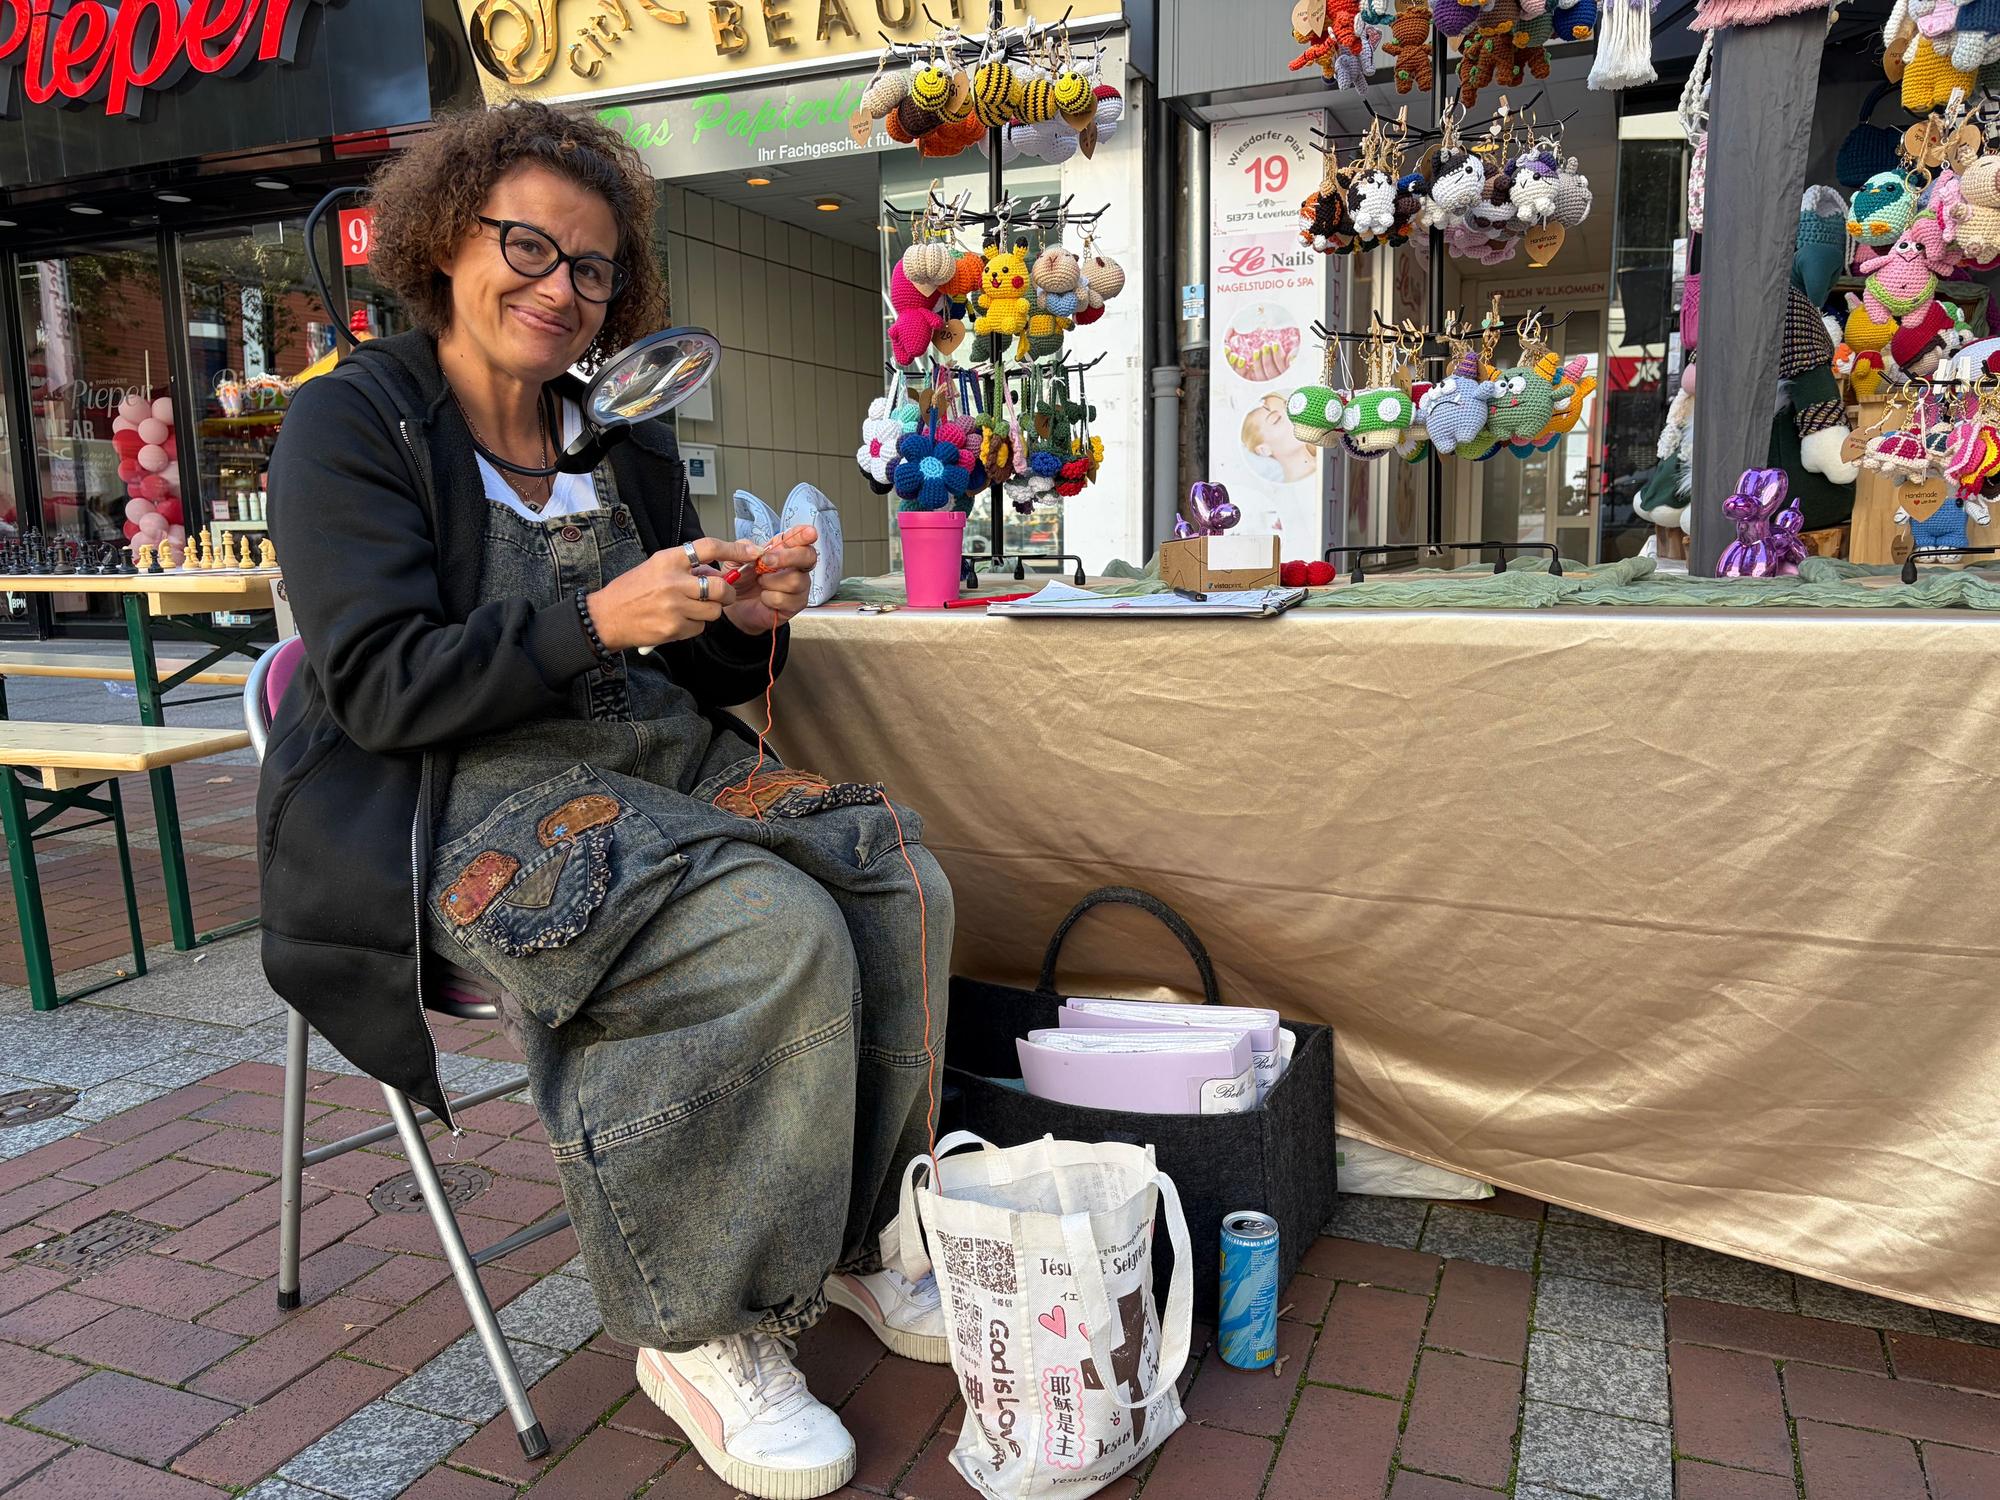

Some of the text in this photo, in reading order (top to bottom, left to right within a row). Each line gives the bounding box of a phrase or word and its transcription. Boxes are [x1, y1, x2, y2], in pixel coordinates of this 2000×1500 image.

[708, 0, 1026, 56] BEAU
[597, 82, 866, 150] Das Papierli
[758, 146, 776, 161] Ihr
[779, 136, 873, 160] Fachgescht
[1227, 130, 1305, 167] Wiesdorfer Platz
[1245, 155, 1289, 194] 19
[1226, 208, 1300, 222] 51373 Leverkuse
[1217, 246, 1314, 277] Le Nails
[1217, 277, 1314, 293] NAGELSTUDIO & SPA
[1536, 283, 1605, 297] WILLKOMMEN
[72, 379, 153, 418] Pieper
[1905, 491, 1938, 499] Handmade
[1040, 1258, 1072, 1276] Jésu
[990, 1319, 1015, 1374] God
[993, 1378, 1016, 1394] is
[1050, 1375, 1075, 1458] 耶穌是主
[1052, 1436, 1150, 1485] Yesus adalah Tuhan
[1095, 1431, 1131, 1459] Jesus
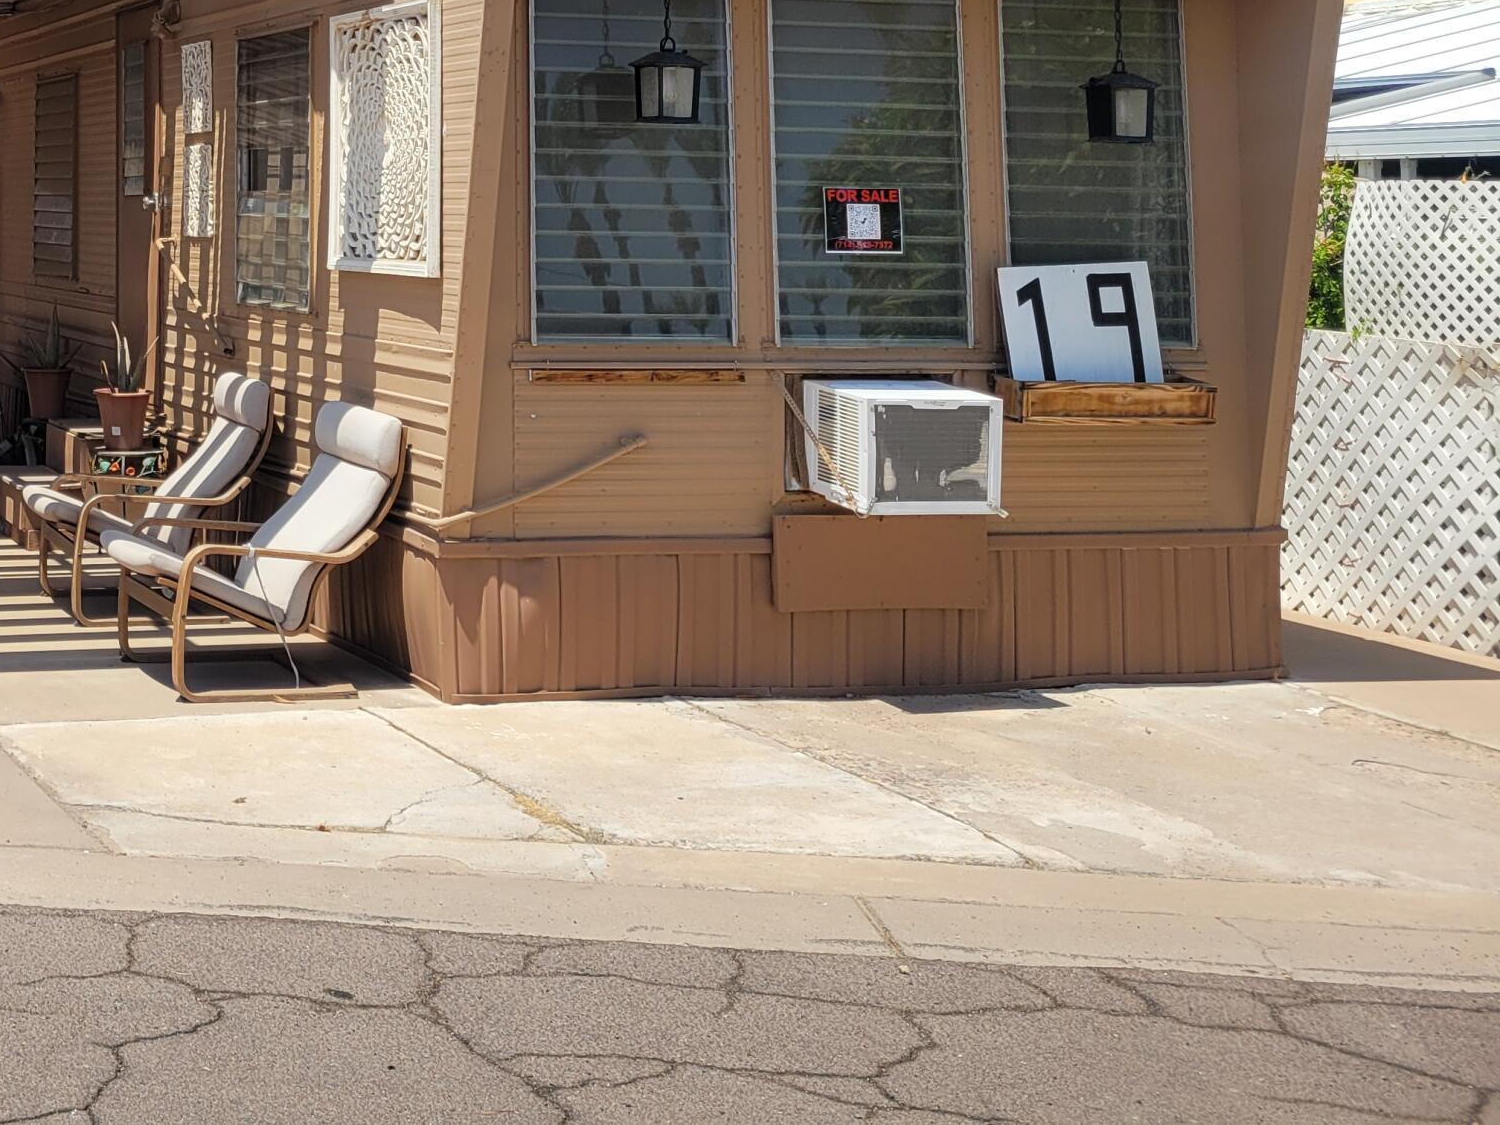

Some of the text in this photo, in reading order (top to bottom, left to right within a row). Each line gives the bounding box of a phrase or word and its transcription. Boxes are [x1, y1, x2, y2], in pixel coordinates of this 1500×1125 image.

[826, 189, 899, 203] FOR SALE
[1016, 272, 1147, 383] 19
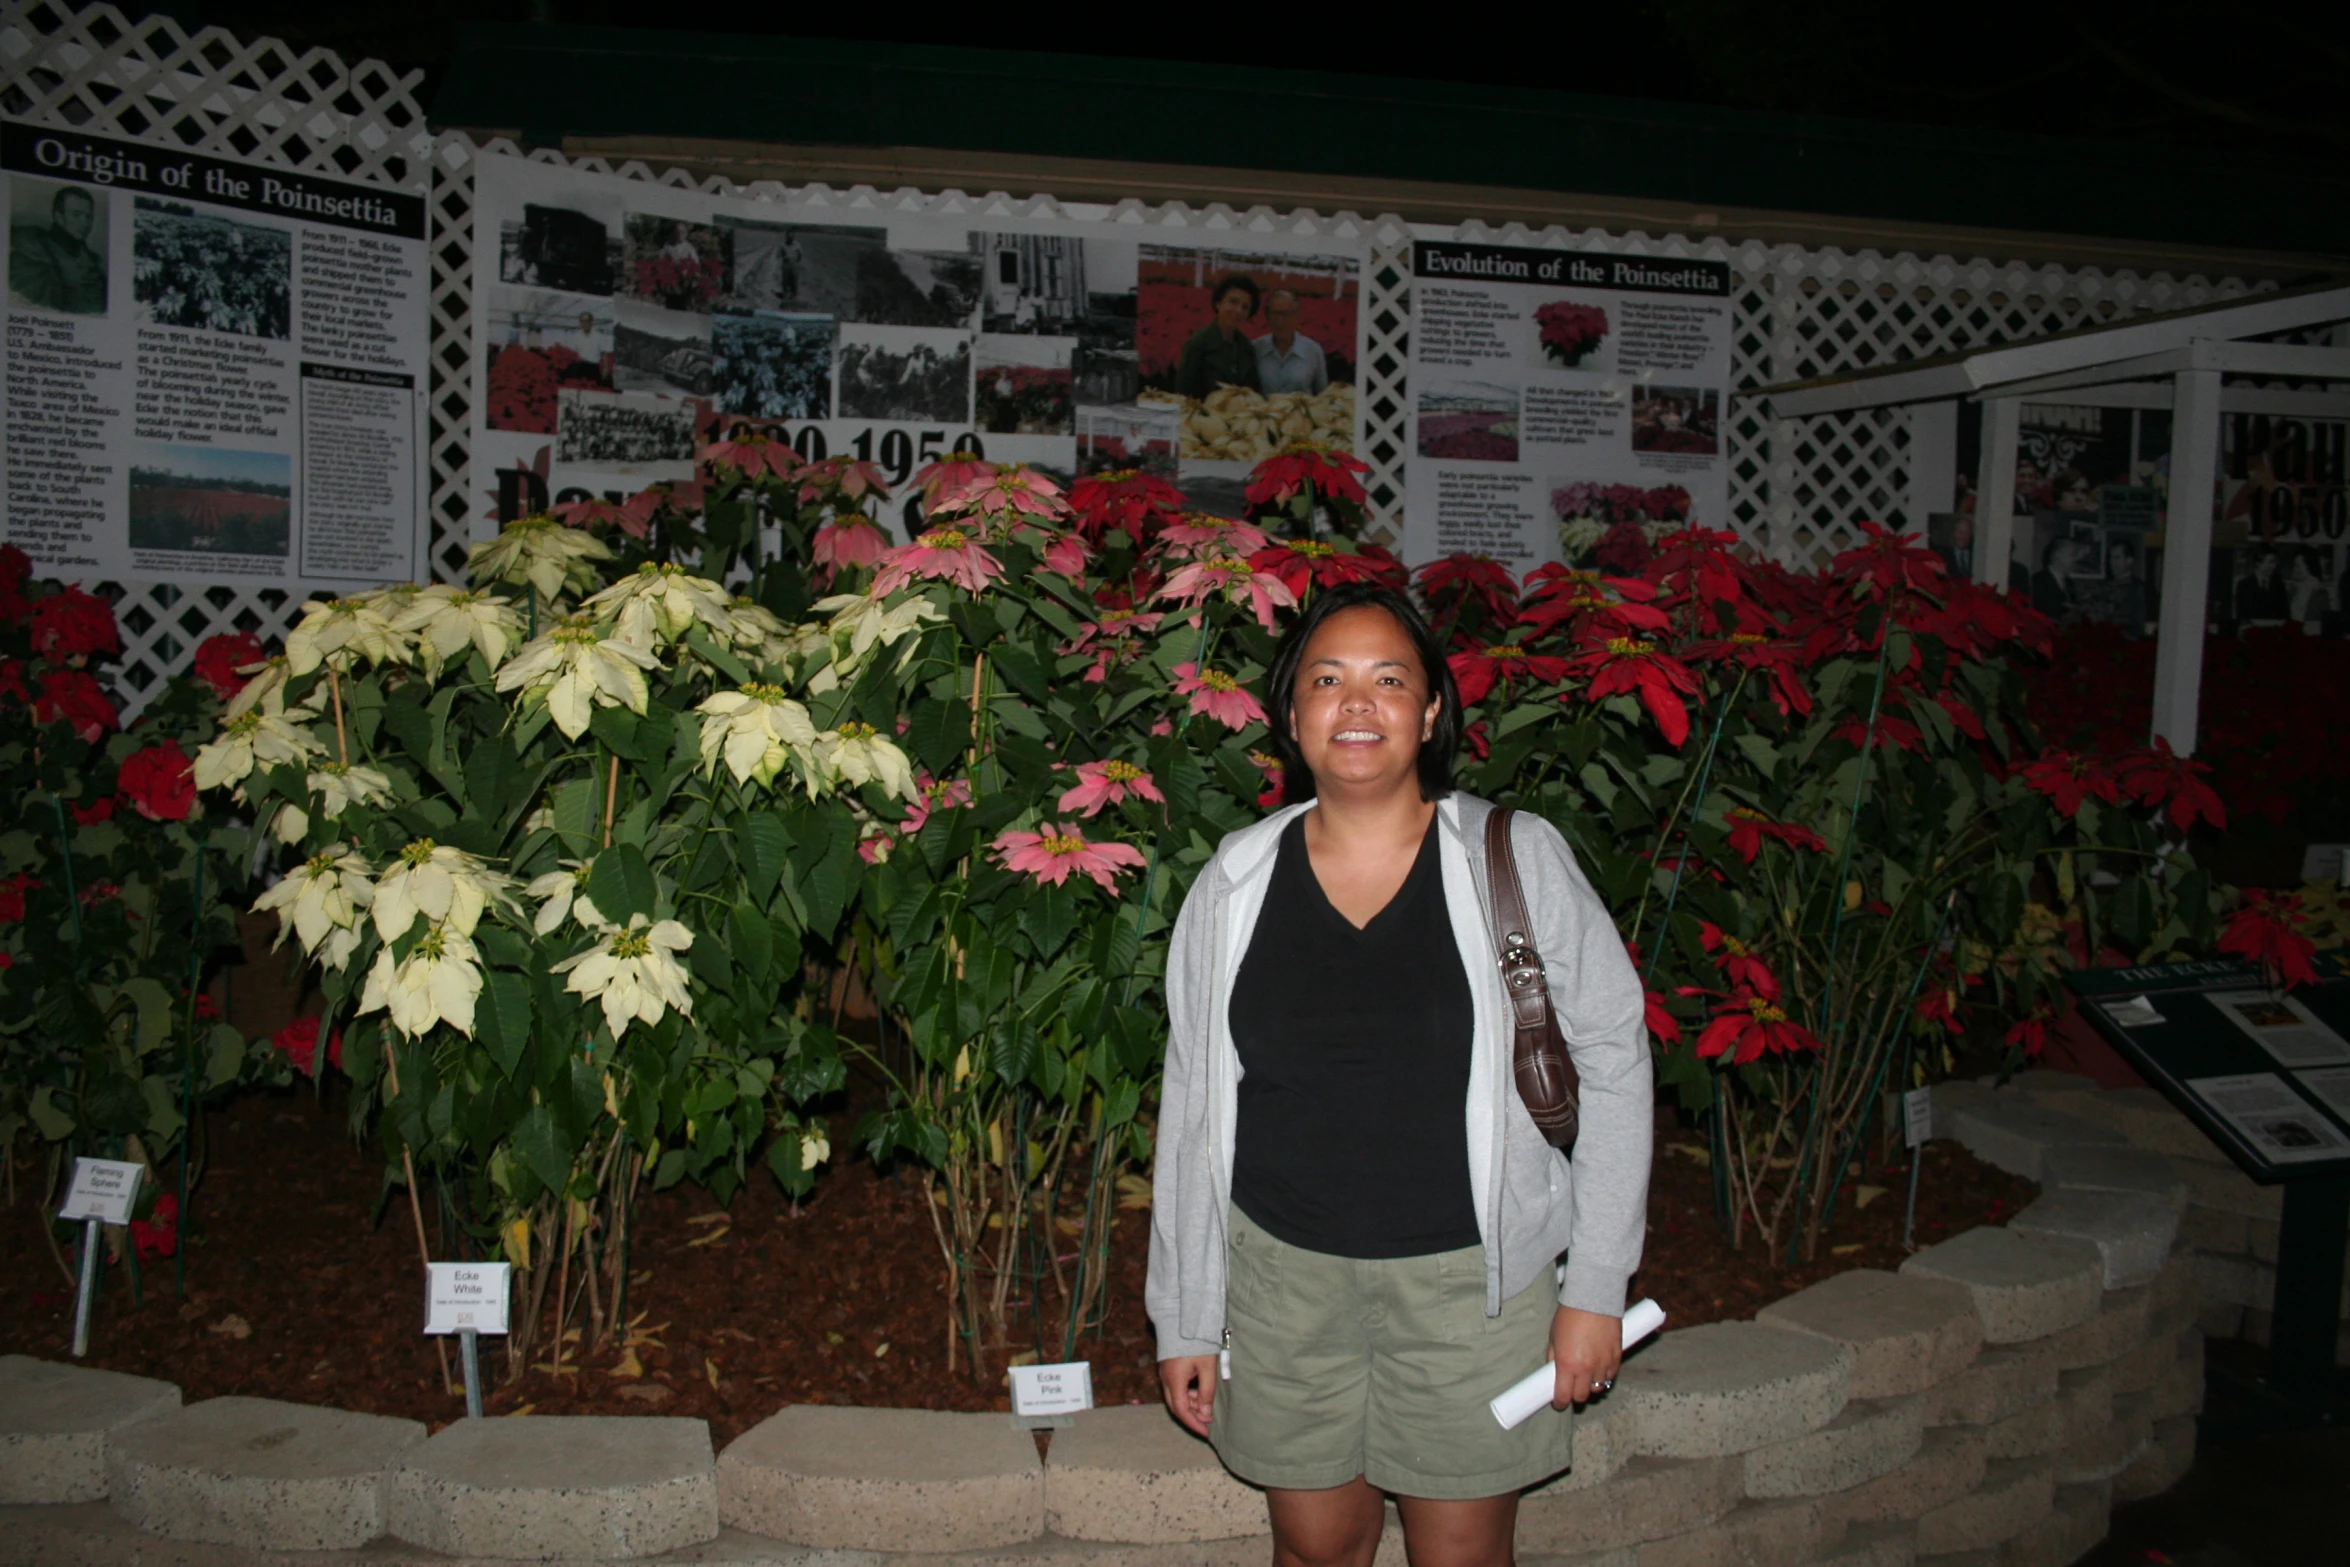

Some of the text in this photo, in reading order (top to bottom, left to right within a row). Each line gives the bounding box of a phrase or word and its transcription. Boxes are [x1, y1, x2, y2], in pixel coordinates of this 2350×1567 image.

[33, 138, 399, 227] Origin of the Poinsettia
[1424, 249, 1720, 291] Evolution of the Poinsettia
[337, 370, 346, 378] of
[348, 371, 362, 380] the
[364, 373, 404, 385] Poinsettia
[2248, 487, 2347, 539] 1950
[2113, 963, 2170, 982] THE
[91, 1165, 124, 1179] Flaming
[91, 1177, 121, 1188] Sphere
[454, 1270, 480, 1280] Ecke
[454, 1284, 482, 1294] White
[1037, 1372, 1061, 1382] Ecke
[1041, 1385, 1063, 1395] Pink

_ _ _ _ _ _ _

→ Problem description: Your answer must be an exact copy of the records, with no pictures in it.

→ Answer space:
Some of the text in this photo, in reading order (top to bottom, left to right within a row). Each line gives the bounding box of a phrase or word and its transcription. Boxes are [x1, y1, x2, y2], in pixel coordinates of this 2000×1500 image.

[708, 0, 1026, 56] BEAU
[597, 82, 866, 150] Das Papierli
[758, 146, 776, 161] Ihr
[779, 136, 873, 160] Fachgescht
[1227, 130, 1305, 167] Wiesdorfer Platz
[1245, 155, 1289, 194] 19
[1226, 208, 1300, 222] 51373 Leverkuse
[1217, 246, 1314, 277] Le Nails
[1217, 277, 1314, 293] NAGELSTUDIO & SPA
[1536, 283, 1605, 297] WILLKOMMEN
[72, 379, 153, 418] Pieper
[1905, 491, 1938, 499] Handmade
[1040, 1258, 1072, 1276] Jésu
[990, 1319, 1015, 1374] God
[993, 1378, 1016, 1394] is
[1050, 1375, 1075, 1458] 耶穌是主
[1052, 1436, 1150, 1485] Yesus adalah Tuhan
[1095, 1431, 1131, 1459] Jesus

Some of the text in this photo, in reading order (top to bottom, left to right within a row). Each line gives the bounding box of a phrase or word and its transcription. Boxes are [x1, y1, x2, y2], in pixel coordinates of this 1500×1125 image.

[826, 189, 899, 203] FOR SALE
[1016, 272, 1147, 383] 19

Some of the text in this photo, in reading order (top to bottom, left to right within a row). Each line gives the bounding box of a phrase or word and its transcription. Boxes are [x1, y1, x2, y2], in pixel coordinates of this 2350×1567 image.

[33, 138, 399, 227] Origin of the Poinsettia
[1424, 249, 1720, 291] Evolution of the Poinsettia
[337, 370, 346, 378] of
[348, 371, 362, 380] the
[364, 373, 404, 385] Poinsettia
[2248, 487, 2347, 539] 1950
[2113, 963, 2170, 982] THE
[91, 1165, 124, 1179] Flaming
[91, 1177, 121, 1188] Sphere
[454, 1270, 480, 1280] Ecke
[454, 1284, 482, 1294] White
[1037, 1372, 1061, 1382] Ecke
[1041, 1385, 1063, 1395] Pink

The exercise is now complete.